* _Try it_
Leave the pictures out and restate each entry below word for word.

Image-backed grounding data
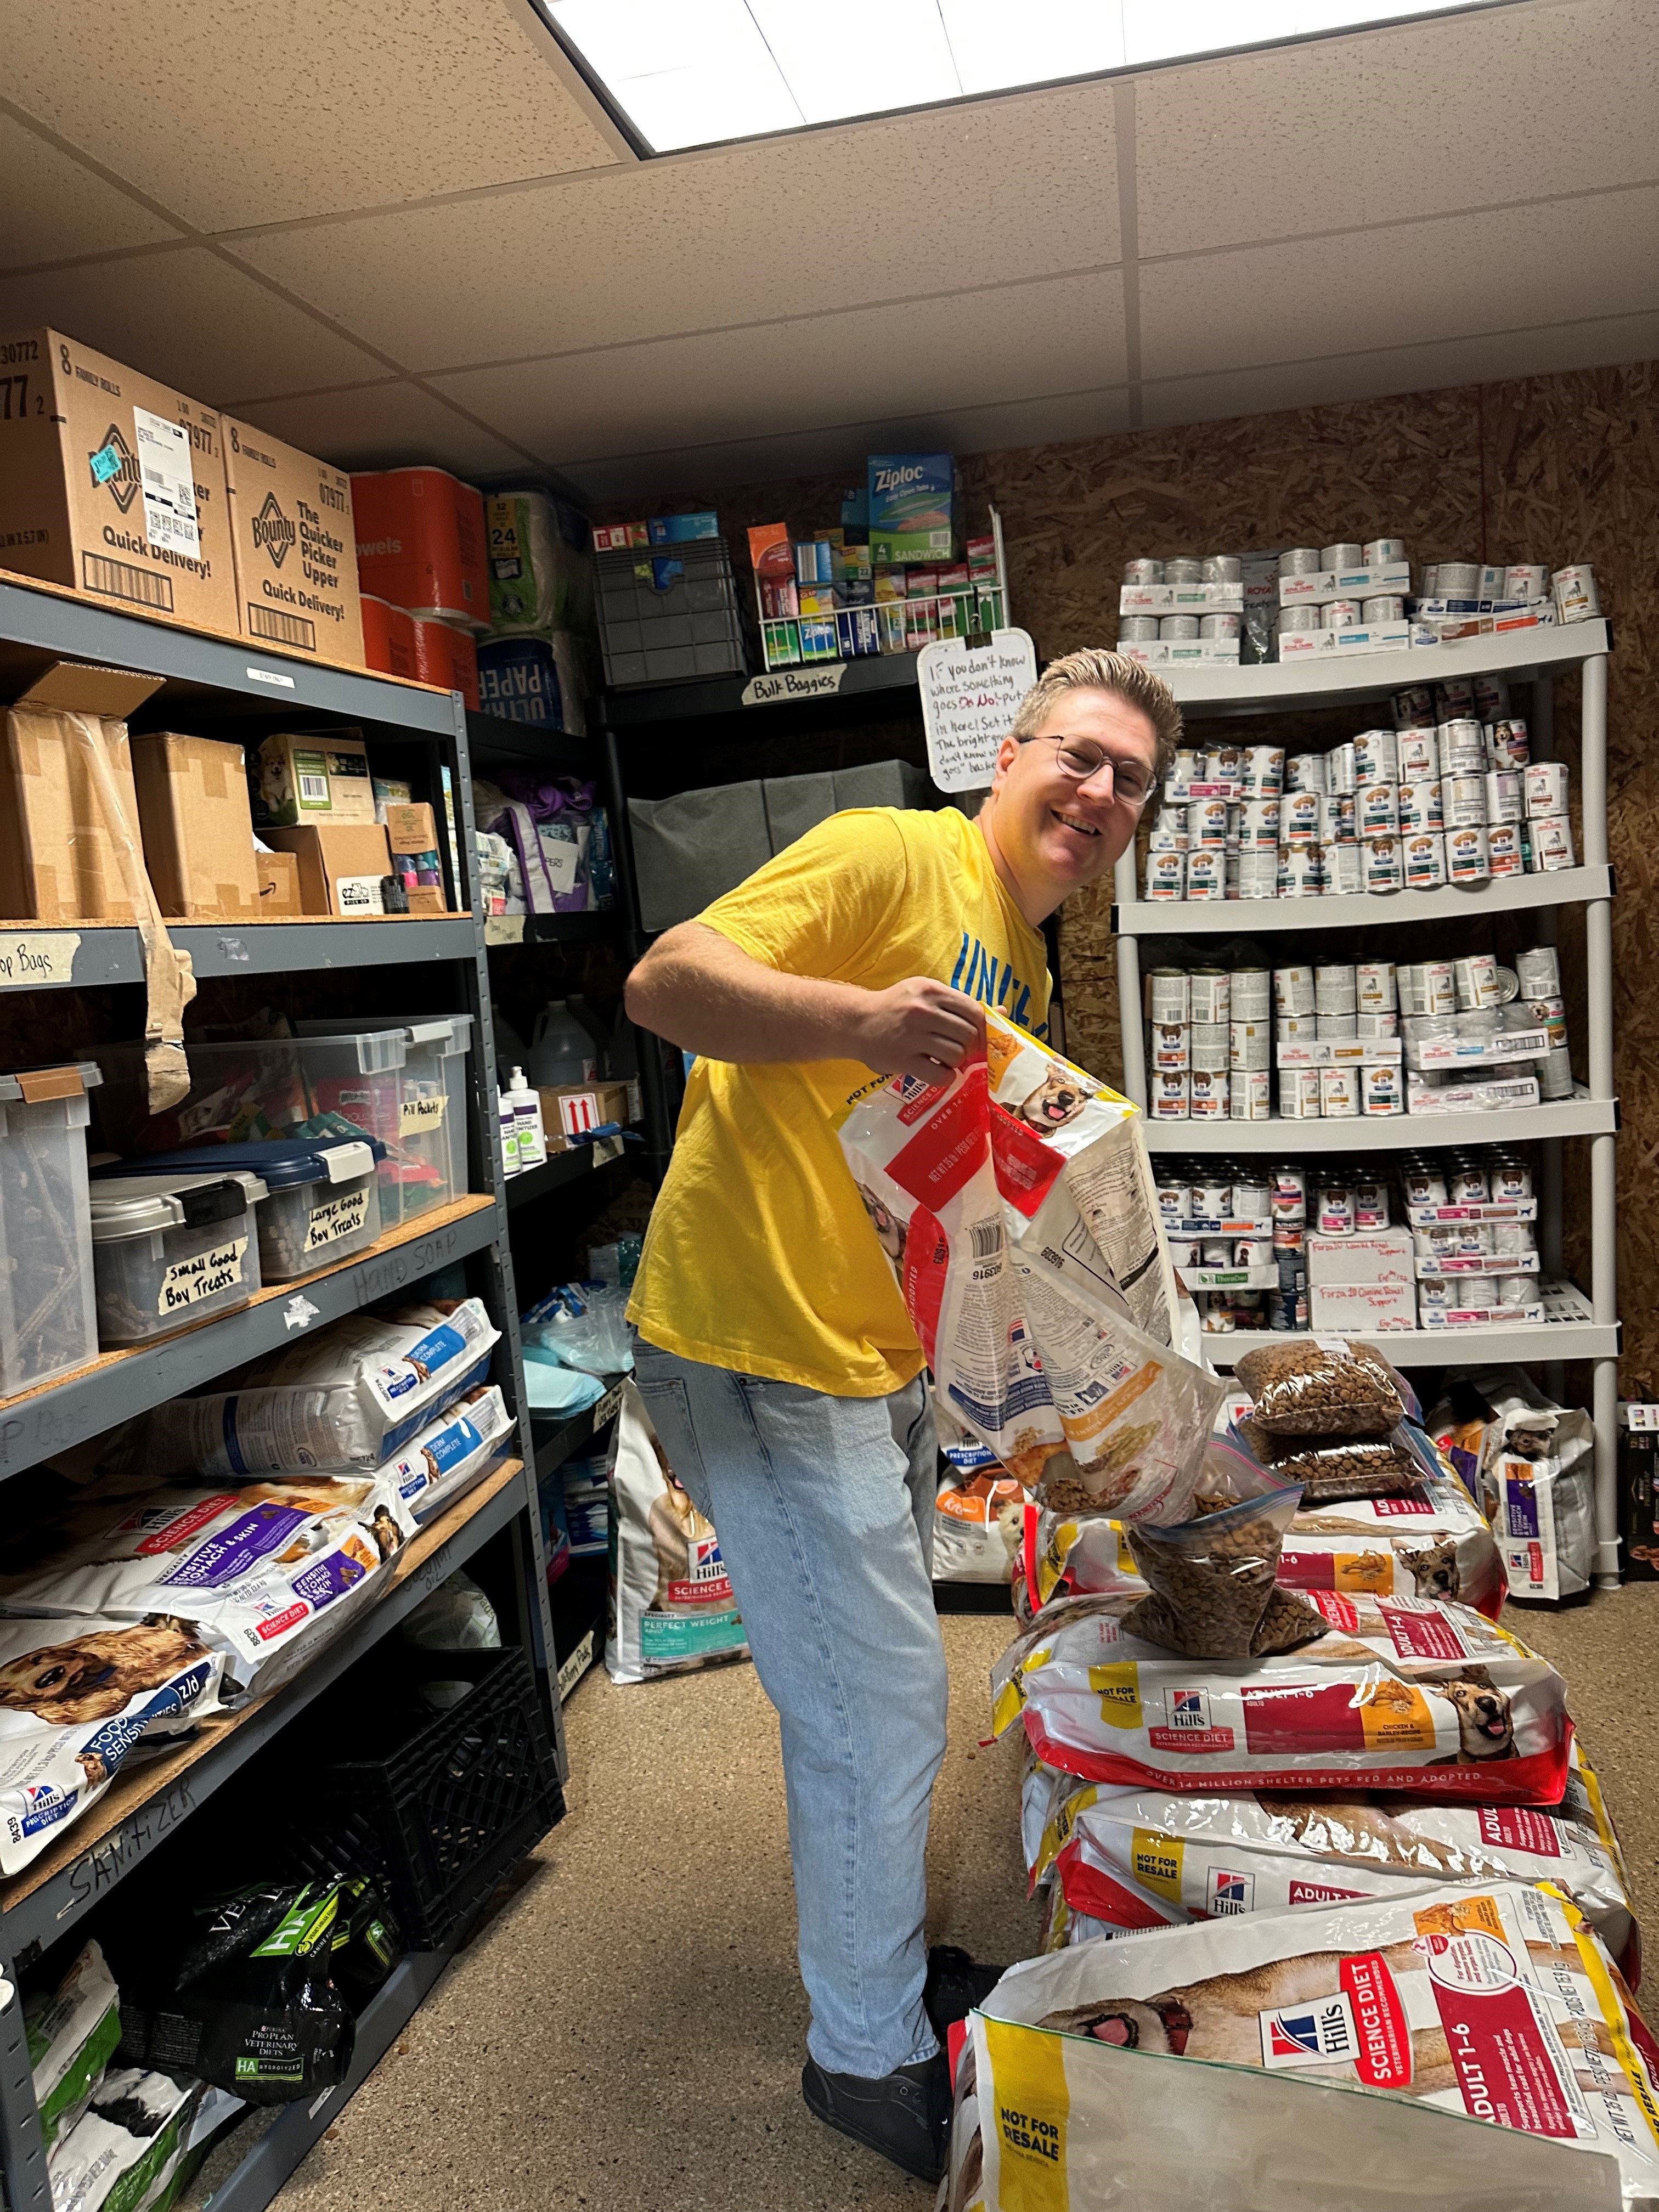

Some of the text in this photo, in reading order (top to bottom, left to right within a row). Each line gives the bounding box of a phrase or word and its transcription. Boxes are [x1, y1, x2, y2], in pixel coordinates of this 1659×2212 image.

[60, 344, 71, 375] 8
[232, 427, 239, 453] 8
[875, 465, 924, 492] Ziploc
[297, 500, 319, 524] The
[496, 503, 506, 511] 12
[103, 526, 148, 556] Quick
[252, 517, 296, 548] Bounty
[300, 523, 343, 553] Quicker
[493, 528, 516, 545] 24
[301, 541, 336, 569] Picker
[878, 543, 886, 554] 4
[895, 549, 950, 561] SANDWICH
[303, 562, 338, 588] Upper
[263, 579, 345, 622] Quick Delivery!
[948, 664, 967, 681] you
[968, 656, 996, 672] don't
[999, 656, 1025, 667] know
[753, 680, 783, 699] Bulk
[930, 675, 1014, 698] where something
[933, 699, 957, 719] goes
[17, 944, 53, 978] Bags
[846, 1086, 867, 1105] NOT
[904, 1081, 926, 1101] Hill's
[403, 1102, 415, 1115] Pill
[904, 1093, 932, 1120] SCIENCE
[932, 1108, 953, 1130] OVER
[340, 1194, 364, 1211] Good
[331, 1212, 360, 1237] Treats
[210, 1243, 238, 1268] Good
[194, 1268, 234, 1296] Treats
[909, 1266, 918, 1307] ADOPTED
[420, 1341, 447, 1361] COMPLETE
[430, 1438, 445, 1452] DERM
[436, 1438, 461, 1460] COMPLETE
[950, 1451, 992, 1459] PRESCRIPTION
[144, 1507, 187, 1530] Hill's
[149, 1497, 227, 1549] SCIENCE DIET
[168, 1543, 218, 1585] SENSITIVE
[178, 1522, 258, 1584] STOMACH & SKIN
[155, 1554, 189, 1584] SPECIALTY
[296, 1564, 328, 1589] SENSITIVE
[300, 1571, 332, 1596] STOMACH
[314, 1579, 332, 1598] SKIN
[674, 1582, 722, 1595] SCIENCE
[262, 1605, 304, 1635] SCIENCE DIET
[644, 1615, 729, 1629] PERFECT WEIGHT
[179, 1675, 199, 1699] z/d
[1116, 1686, 1135, 1695] FOR
[1173, 1713, 1205, 1728] Hill's
[91, 1717, 128, 1750] FOOD
[1154, 1732, 1229, 1742] SCIENCE DIET
[1146, 1770, 1176, 1786] OVER
[1199, 1779, 1252, 1788] MILLION
[1258, 1776, 1313, 1785] SHELTER
[1356, 1775, 1380, 1783] FED
[1386, 1774, 1414, 1783] AND
[1420, 1773, 1482, 1782] ADOPTED
[26, 1795, 76, 1828] PRESCRIPTION
[33, 1793, 60, 1810] Hill's
[7, 1817, 21, 1844] 8439
[41, 1813, 59, 1826] DIET
[1136, 1853, 1177, 1868] NOT FOR
[1137, 1864, 1177, 1879] RESALE
[1294, 1887, 1341, 1901] ADULT
[1214, 1899, 1246, 1915] Hill's
[261, 1905, 317, 1952] HA
[1321, 2004, 1350, 2053] Hill's
[1351, 1963, 1391, 2079] SCIENCE DIET
[1371, 1960, 1403, 2075] VETERINARIAN RECOMMENDED
[244, 2039, 300, 2051] VETERINARY
[252, 2031, 295, 2040] PRO PLAN
[1451, 2023, 1476, 2056] 1-6
[259, 2048, 284, 2056] DIETS
[1498, 2048, 1513, 2073] muscle
[238, 2059, 256, 2073] HA
[1508, 2074, 1519, 2090] lean
[1631, 2069, 1658, 2117] RESALE
[1513, 2091, 1531, 2130] Supports
[1523, 2092, 1543, 2129] beautiful
[1609, 2113, 1629, 2127] WT
[1001, 2107, 1058, 2140] NOT FOR
[1003, 2124, 1059, 2161] RESALE
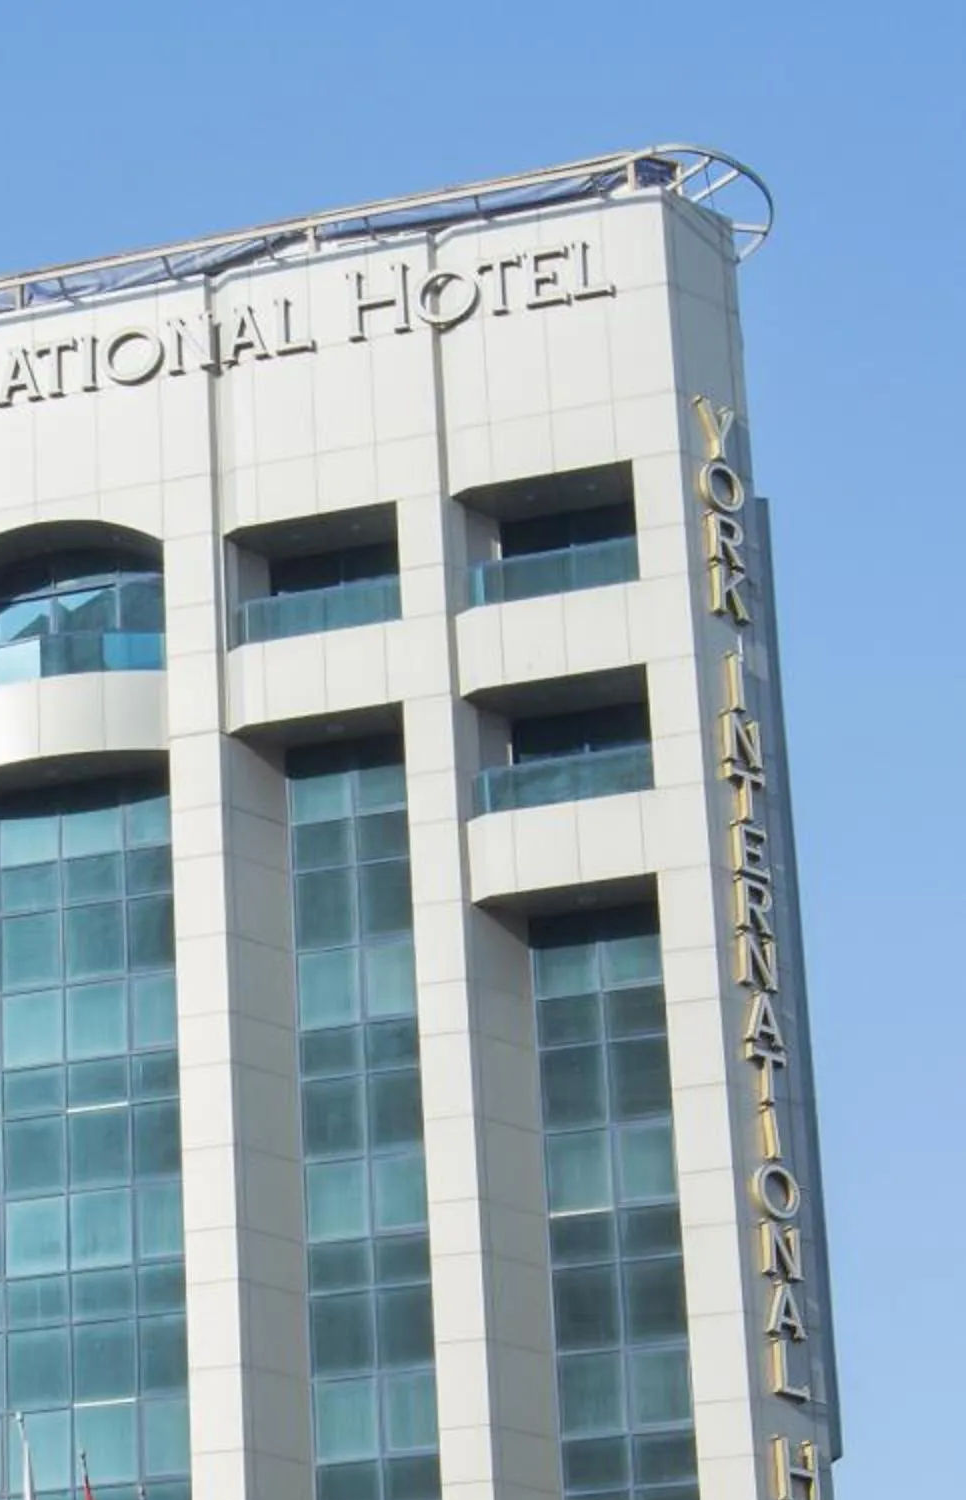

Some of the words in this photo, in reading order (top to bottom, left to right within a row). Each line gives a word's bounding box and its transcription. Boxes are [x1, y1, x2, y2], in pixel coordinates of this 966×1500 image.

[345, 239, 616, 344] HOTEL
[690, 393, 752, 627] YORK
[719, 648, 811, 1402] INTERNATIONAL
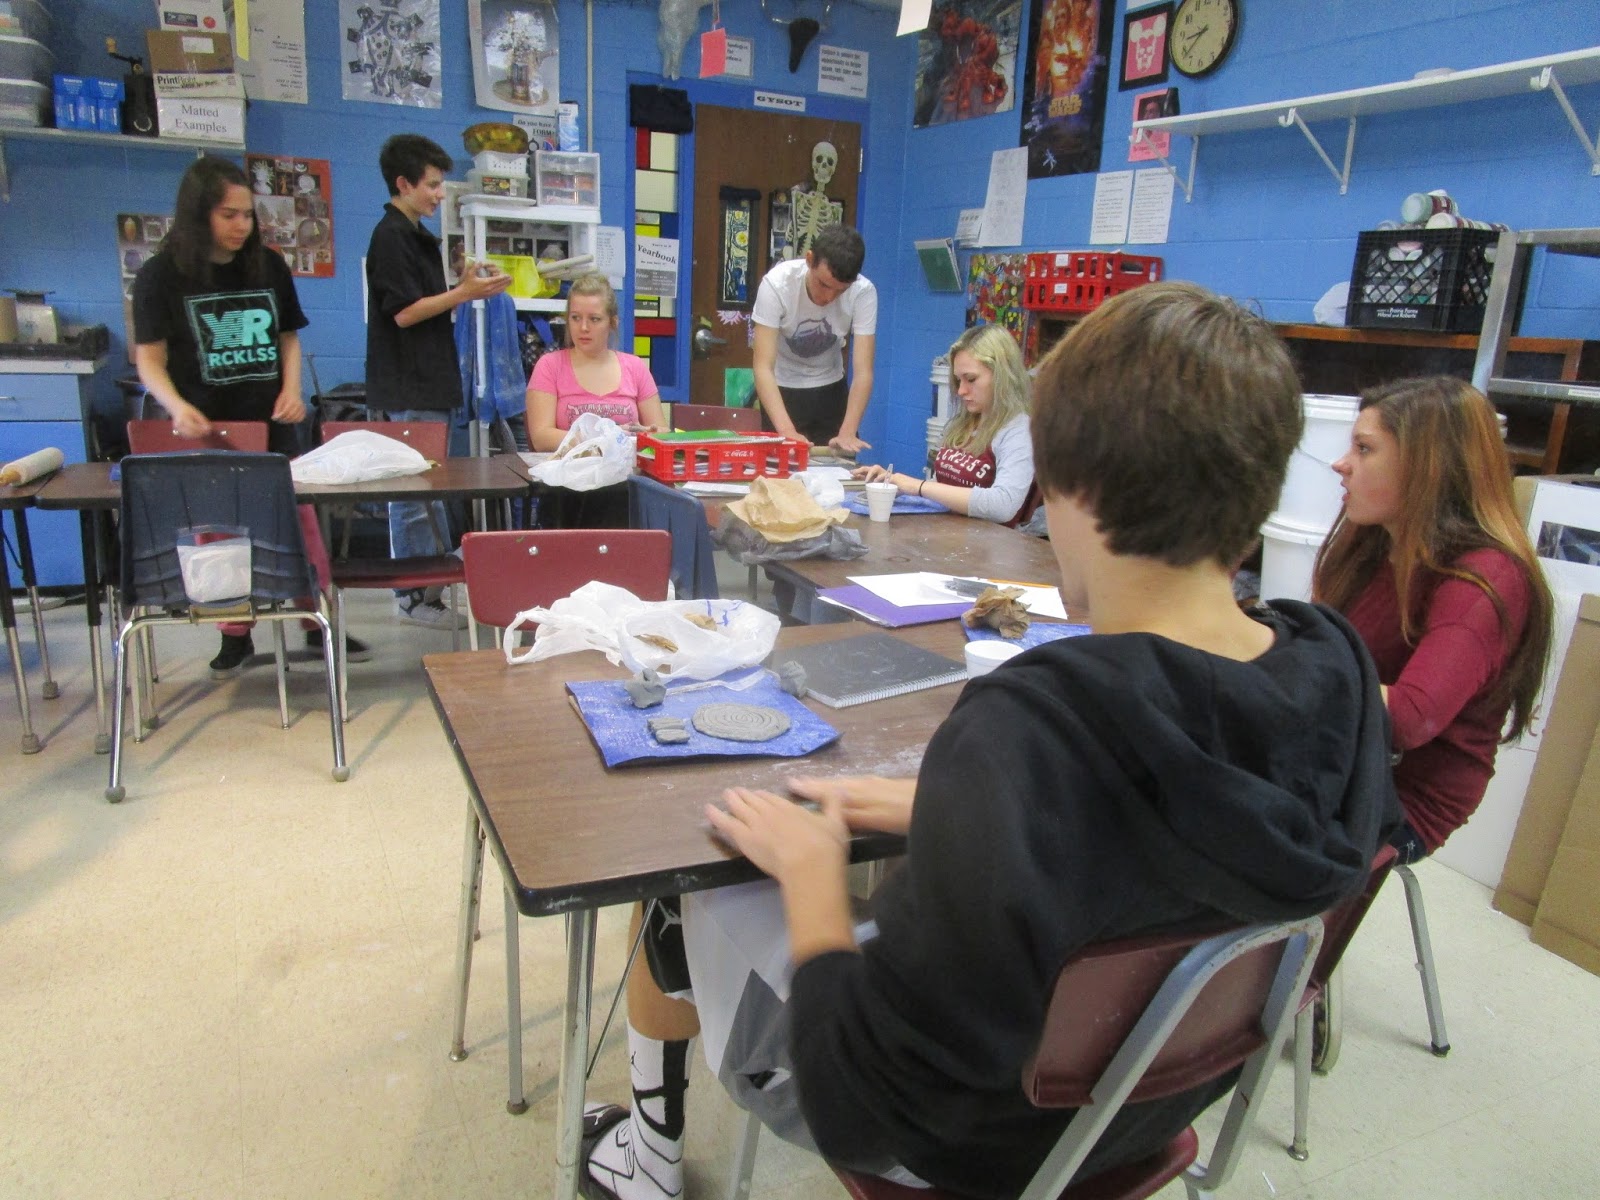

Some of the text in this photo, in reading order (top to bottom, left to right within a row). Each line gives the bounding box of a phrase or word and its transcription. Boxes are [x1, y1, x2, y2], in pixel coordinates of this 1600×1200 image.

[756, 95, 803, 107] GYSOT
[181, 104, 219, 118] Matted
[175, 118, 228, 133] Examples
[638, 244, 677, 265] Yearbook
[208, 346, 277, 367] RCKLSS

* _Answer box_
Some of the text in this photo, in reading order (top to bottom, left to right within a row). Each line gives the bounding box of a phrase or word and its transcription. Boxes are [x1, y1, x2, y2], in pixel coordinates of this 1659×2212 image.

[60, 344, 71, 375] 8
[232, 427, 239, 453] 8
[875, 465, 924, 492] Ziploc
[297, 500, 319, 524] The
[496, 503, 506, 511] 12
[103, 526, 148, 556] Quick
[252, 517, 296, 548] Bounty
[300, 523, 343, 553] Quicker
[493, 528, 516, 545] 24
[301, 541, 336, 569] Picker
[878, 543, 886, 554] 4
[895, 549, 950, 561] SANDWICH
[303, 562, 338, 588] Upper
[263, 579, 345, 622] Quick Delivery!
[948, 664, 967, 681] you
[968, 656, 996, 672] don't
[999, 656, 1025, 667] know
[753, 680, 783, 699] Bulk
[930, 675, 1014, 698] where something
[933, 699, 957, 719] goes
[17, 944, 53, 978] Bags
[846, 1086, 867, 1105] NOT
[904, 1081, 926, 1101] Hill's
[403, 1102, 415, 1115] Pill
[904, 1093, 932, 1120] SCIENCE
[932, 1108, 953, 1130] OVER
[340, 1194, 364, 1211] Good
[331, 1212, 360, 1237] Treats
[210, 1243, 238, 1268] Good
[194, 1268, 234, 1296] Treats
[909, 1266, 918, 1307] ADOPTED
[420, 1341, 447, 1361] COMPLETE
[430, 1438, 445, 1452] DERM
[436, 1438, 461, 1460] COMPLETE
[950, 1451, 992, 1459] PRESCRIPTION
[144, 1507, 187, 1530] Hill's
[149, 1497, 227, 1549] SCIENCE DIET
[168, 1543, 218, 1585] SENSITIVE
[178, 1522, 258, 1584] STOMACH & SKIN
[155, 1554, 189, 1584] SPECIALTY
[296, 1564, 328, 1589] SENSITIVE
[300, 1571, 332, 1596] STOMACH
[314, 1579, 332, 1598] SKIN
[674, 1582, 722, 1595] SCIENCE
[262, 1605, 304, 1635] SCIENCE DIET
[644, 1615, 729, 1629] PERFECT WEIGHT
[179, 1675, 199, 1699] z/d
[1116, 1686, 1135, 1695] FOR
[1173, 1713, 1205, 1728] Hill's
[91, 1717, 128, 1750] FOOD
[1154, 1732, 1229, 1742] SCIENCE DIET
[1146, 1770, 1176, 1786] OVER
[1199, 1779, 1252, 1788] MILLION
[1258, 1776, 1313, 1785] SHELTER
[1356, 1775, 1380, 1783] FED
[1386, 1774, 1414, 1783] AND
[1420, 1773, 1482, 1782] ADOPTED
[26, 1795, 76, 1828] PRESCRIPTION
[33, 1793, 60, 1810] Hill's
[7, 1817, 21, 1844] 8439
[41, 1813, 59, 1826] DIET
[1136, 1853, 1177, 1868] NOT FOR
[1137, 1864, 1177, 1879] RESALE
[1294, 1887, 1341, 1901] ADULT
[1214, 1899, 1246, 1915] Hill's
[261, 1905, 317, 1952] HA
[1321, 2004, 1350, 2053] Hill's
[1351, 1963, 1391, 2079] SCIENCE DIET
[1371, 1960, 1403, 2075] VETERINARIAN RECOMMENDED
[244, 2039, 300, 2051] VETERINARY
[252, 2031, 295, 2040] PRO PLAN
[1451, 2023, 1476, 2056] 1-6
[259, 2048, 284, 2056] DIETS
[1498, 2048, 1513, 2073] muscle
[238, 2059, 256, 2073] HA
[1508, 2074, 1519, 2090] lean
[1631, 2069, 1658, 2117] RESALE
[1513, 2091, 1531, 2130] Supports
[1523, 2092, 1543, 2129] beautiful
[1609, 2113, 1629, 2127] WT
[1001, 2107, 1058, 2140] NOT FOR
[1003, 2124, 1059, 2161] RESALE

Some of the words in this photo, in reading order (top to bottom, left to right within a row). Each line gives a word's bounding box and its transcription. Boxes are [x1, y1, x2, y2], in pixel coordinates of this 966×1500 image.

[345, 239, 616, 344] HOTEL
[690, 393, 752, 627] YORK
[719, 648, 811, 1402] INTERNATIONAL

Some of the text in this photo, in reading order (top to bottom, left to right within a row). Each line gives the bounding box of a phrase or word and its transcription. Boxes are [x1, y1, x2, y2], in pixel coordinates of this 1600×1200 image.

[756, 95, 803, 107] GYSOT
[181, 104, 219, 118] Matted
[175, 118, 228, 133] Examples
[638, 244, 677, 265] Yearbook
[208, 346, 277, 367] RCKLSS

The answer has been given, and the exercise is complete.